L'abbiamo salutata lunedì.
È arrivato per primo il sole a dirle addio, per ringraziarla di averlo portato sempre con sé e di averlo regalato a tante persone, con il suo sorriso.
Sono stata con lei al mattino, per guardarla ancora un po', per dirle grazie, per un'ultima carezza. Sapevo che non era più là, che quel corpo adagiato sul raso era solo il suo ricordo, che ormai se n'era già andata, lasciando su quel volto ancora l'ombra di un sorriso. Ma mi sono aggrappata all'illusione di poter condividere ancora quelle poche, ultime ore, di poterla salutare un'ultima volta.
L'avevano ricomposta, con l'abito nero che avevo trovato sul tavolino della sua camera il giorno dopo il ricovero, evidentemente lasciato in piena vista proprio per questo scopo, dato che non lo indossava da tempo. E la sua wiphala, la coloratissima sciarpa delle Ande. Tra le mani qualcuno le aveva messo un rosario, io ci ho aggiunto un fiore, un'orchidea che le avevano regalato gli amici del Club qualche giorno prima.
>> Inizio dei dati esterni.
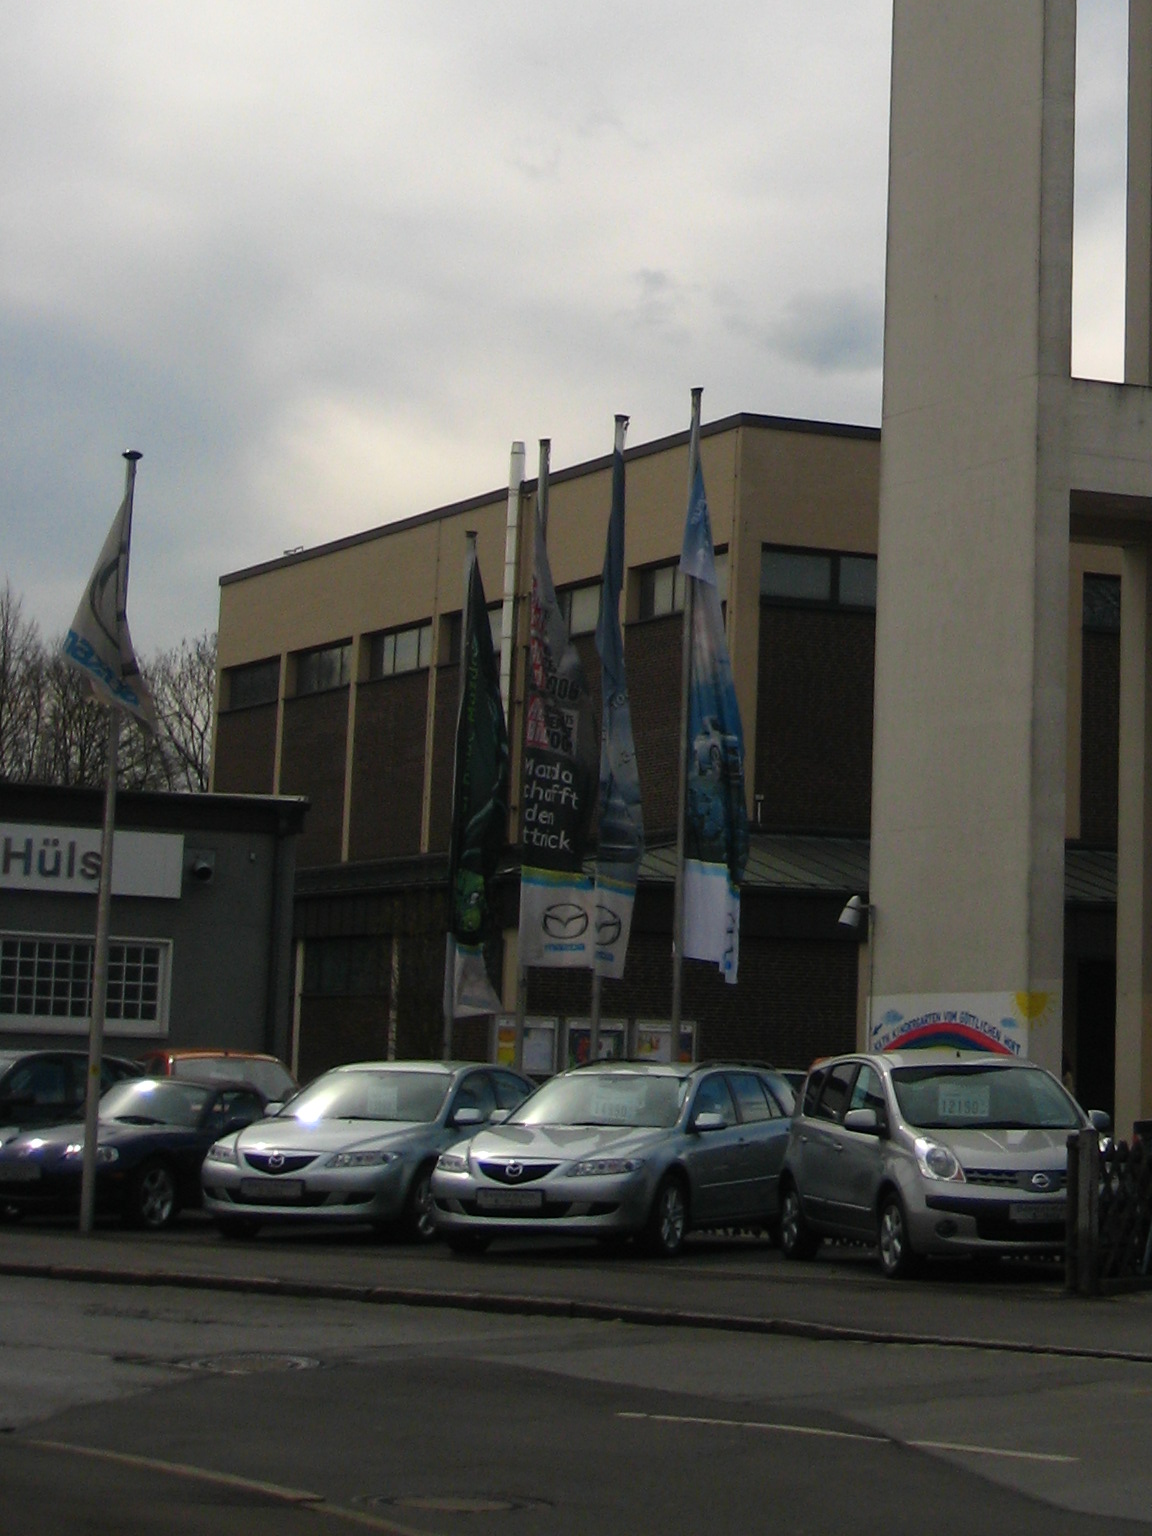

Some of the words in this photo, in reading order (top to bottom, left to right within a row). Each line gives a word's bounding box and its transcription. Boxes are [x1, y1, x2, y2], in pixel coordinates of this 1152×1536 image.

Le ore passavano troppo in fretta, come in quell'ultimo pomeriggio in unità coronarica in cui sapevo che se ne stava andando e non potevo fare nient'altro che cercare di renderle più dolce l'ultimo tratto di strada, riscaldando le sue mani con le mie.
Ma ormai non c'era più nulla da scaldare e quando l'addetto delle pompe funebri si è avvicinato per dirmi che era il momento di chiudere la bara, il pensiero è stato "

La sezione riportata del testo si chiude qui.